Tuesday, September 28, 2010
Holy wine
Maybe all i need is a box of brownie batter. I have a really crappy job. I mean it's the worst i have ever had. Two-faced management, oppressive dress code, awful clientele, shitty hours and half-baked coworkers. I can't believe i've been there as long as i have. All i think about when i'm there are my next days off and where else i'd rather be working. Working their front end completely burned me out and ruined my life. Some days i dont know if i have been black-balled and they have me blacklisted with other companies or if there really are no other jobs out there for me. It has made me suicidal and completely emotionally dependent on my loved ones. Instead of being an independent and driven young woman, i have become paranoid, shifty, predjudiced, judgmental, vulnerable, untrusting, self-centered and morose. Some days the only thing that levels me off is my love for gardening and cookery. If i could walk out and just find one outlet i can make a living off of that would sustain me body and soul i could want for nothing else. The relationships i have built with workers there have truly enriched my soul and i wish there was a way to free us from this awful punishment. I wish i could avenge them.

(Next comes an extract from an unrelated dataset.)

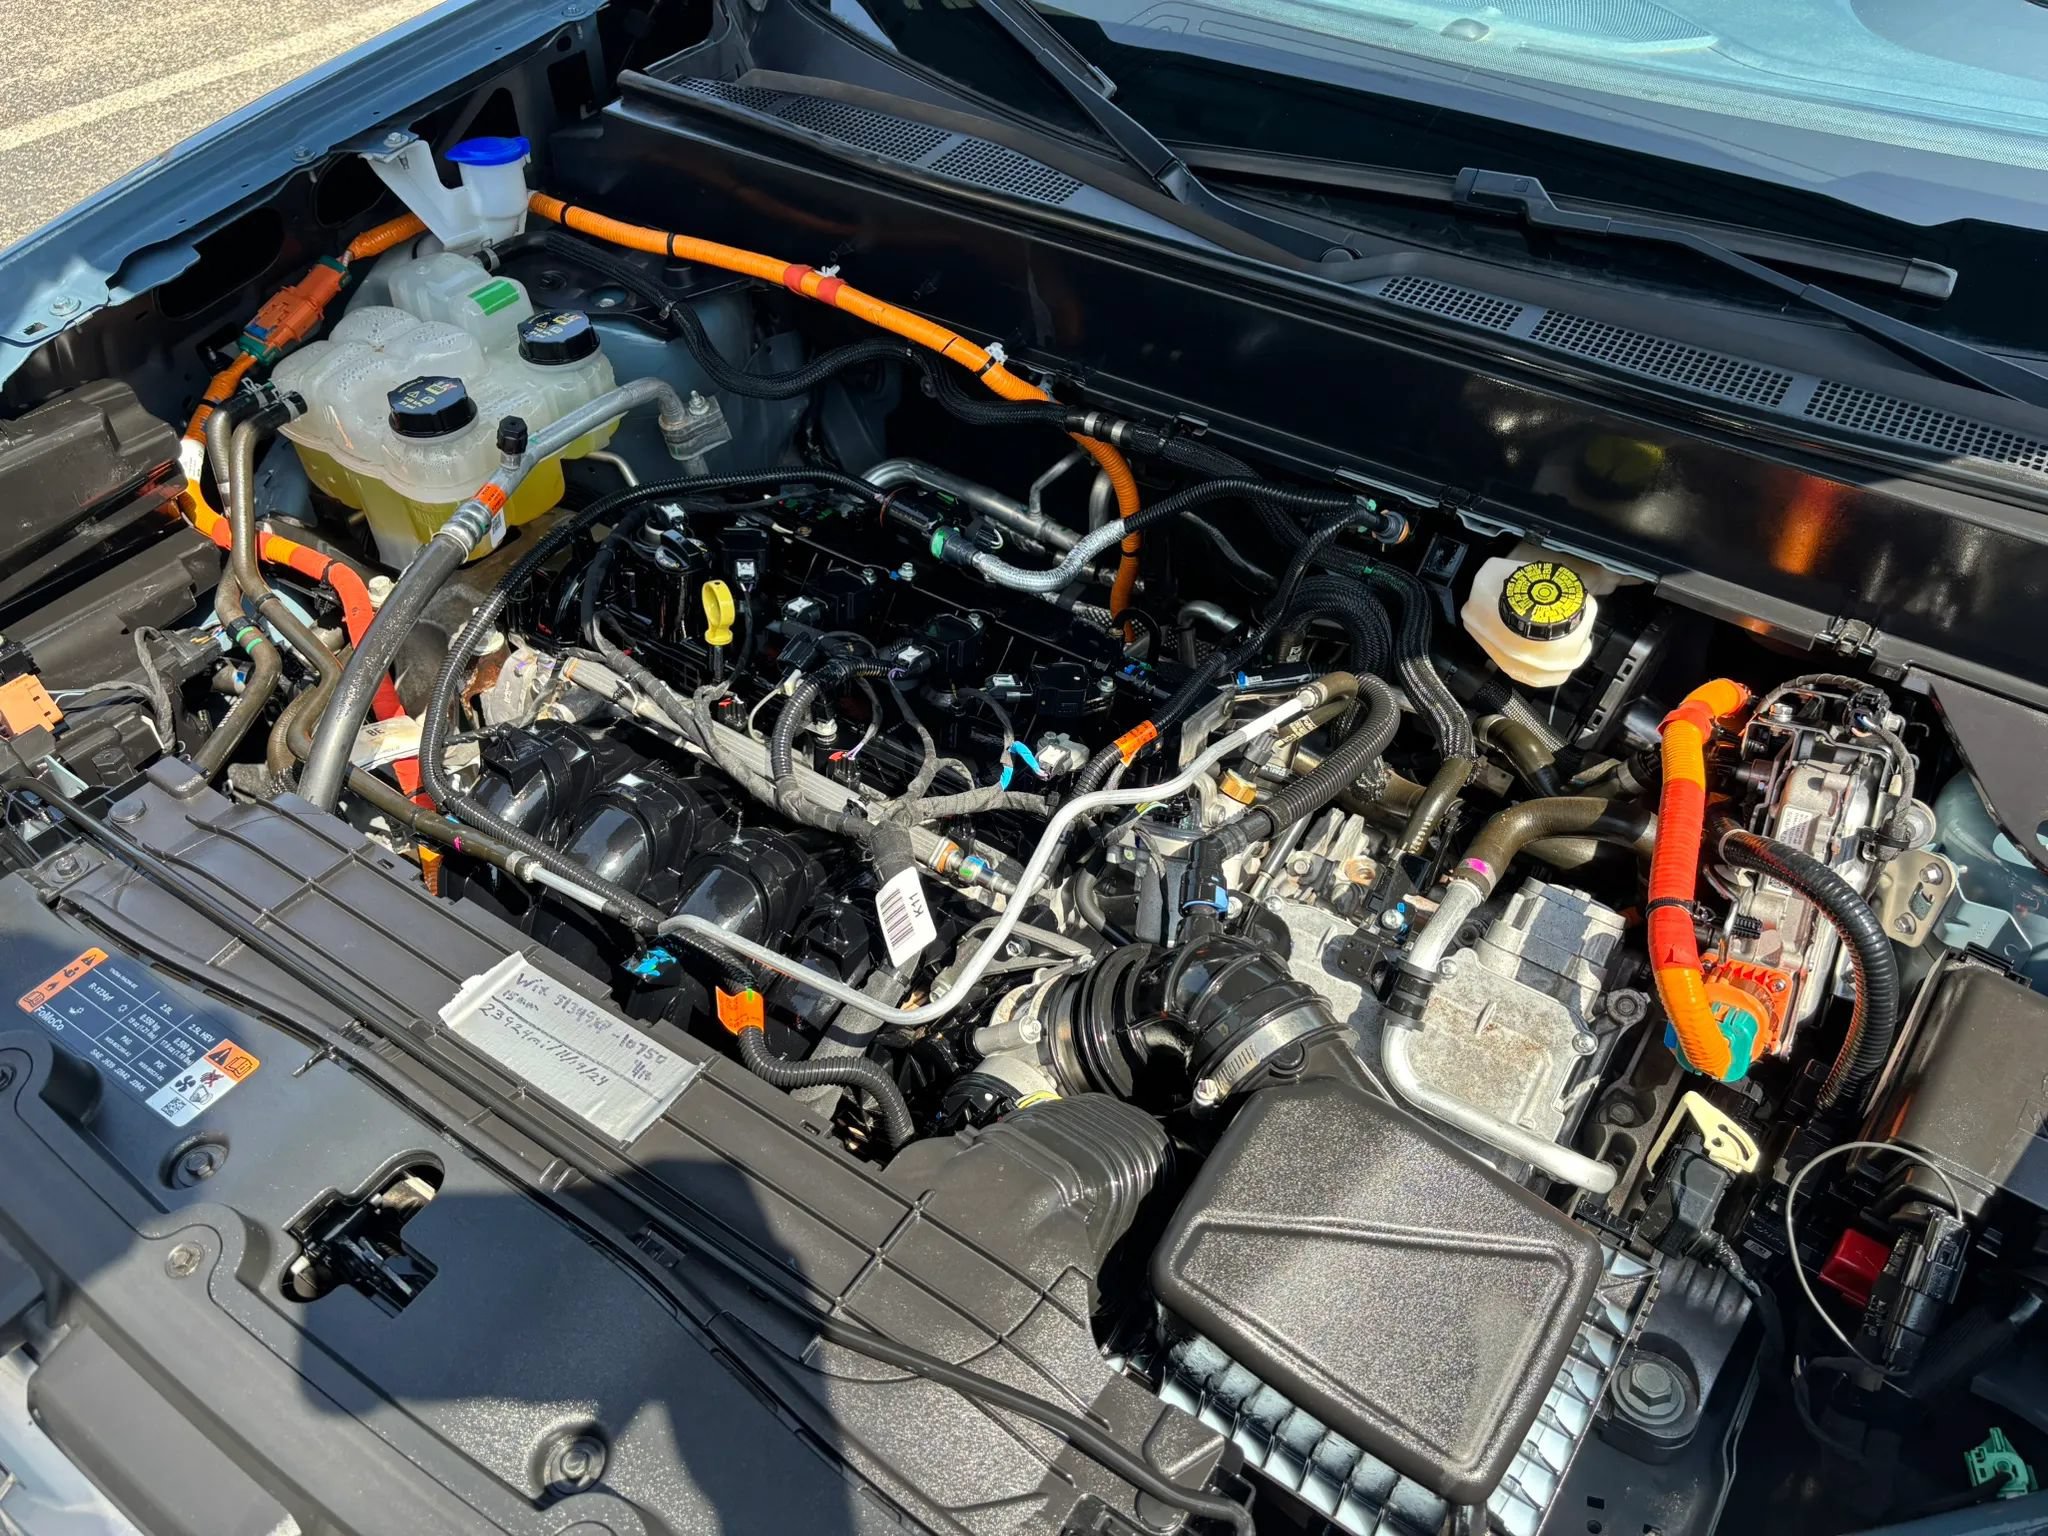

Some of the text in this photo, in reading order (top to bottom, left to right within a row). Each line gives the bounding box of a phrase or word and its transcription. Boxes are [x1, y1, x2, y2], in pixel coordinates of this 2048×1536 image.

[909, 892, 924, 918] K11
[35, 1005, 64, 1031] FoMoCo
[199, 1031, 216, 1043] HEV
[89, 1048, 104, 1060] SAE

Monday, September 20, 2010
Bananas foster
He said something today that scared me. All day i felt unsettled in my stomach. I went to him earlier when it dawned on me as to why this attack on another person disturbed me--i dont know him to be an agressive person. My whole life he's never had a malicious side. He scared me because i dont really know him. His outburst (aimed completely at someone else) alarmed me. It exposed a hole in our intimacy--and revealed a limit we had not been aware of. If he was capable of rejecting this person based on a careless overlook of taste and conversational tact, was he capable of rejecting me?

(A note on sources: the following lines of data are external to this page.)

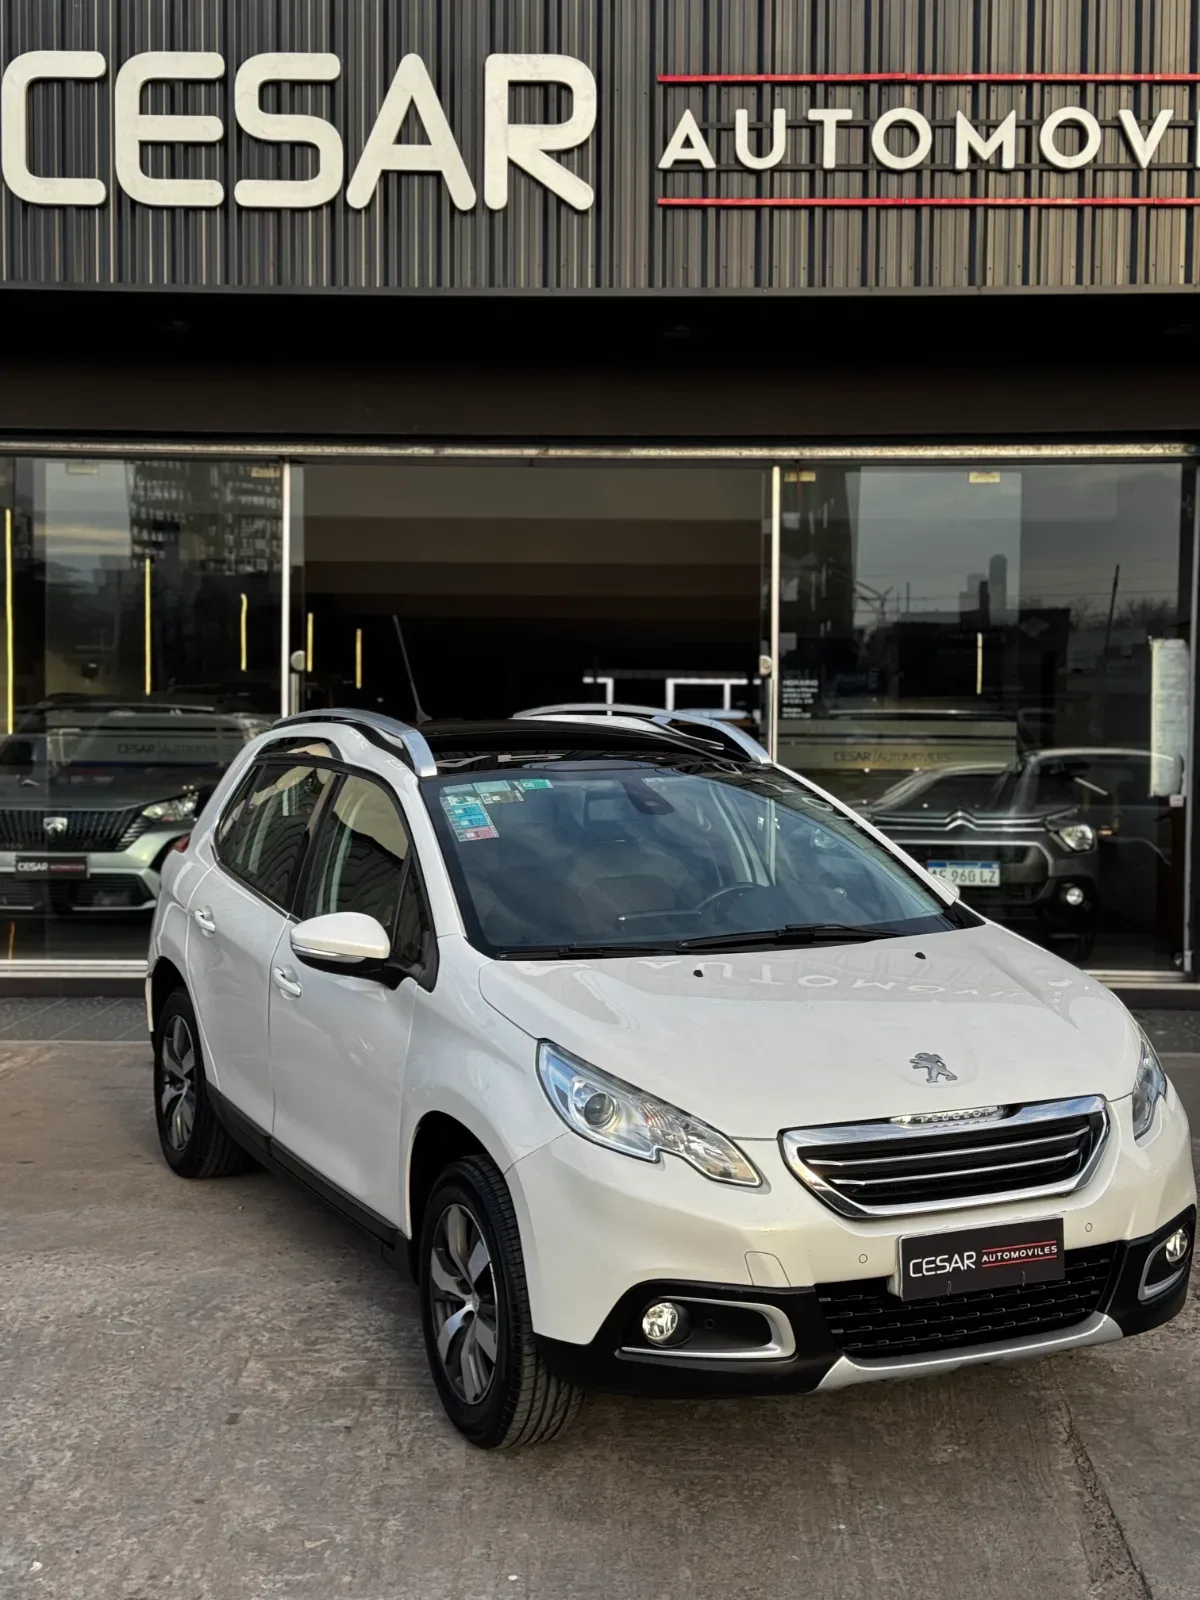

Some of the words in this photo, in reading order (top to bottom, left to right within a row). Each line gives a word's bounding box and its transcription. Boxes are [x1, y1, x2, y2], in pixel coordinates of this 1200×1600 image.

[1, 51, 597, 211] CESAR
[657, 107, 1200, 170] AUTOMOV
[833, 751, 872, 762] CESAR
[951, 870, 976, 883] 960
[980, 870, 996, 883] LZ
[920, 1108, 990, 1123] PEUGEOT
[909, 1251, 977, 1278] CESAR
[981, 1245, 1058, 1263] AUTOMOVILES

Sunday, September 19, 2010
I don't really like danishes.
I have a friend. He loves me very much. He's married to a beautiful woman and has two young daughters. He stays with me some nights and i sleep with him. He looks after me and he stuck up for me when my boyfriend married another girl i had never met. He comforts me when i feel powerless and he holds my hand when i'm scared. He has all the light in the world in his eyes and he lives like a newborn soul. Some days i would do anything. I would do anything to carry his grace. (gnarls barkley: surprise)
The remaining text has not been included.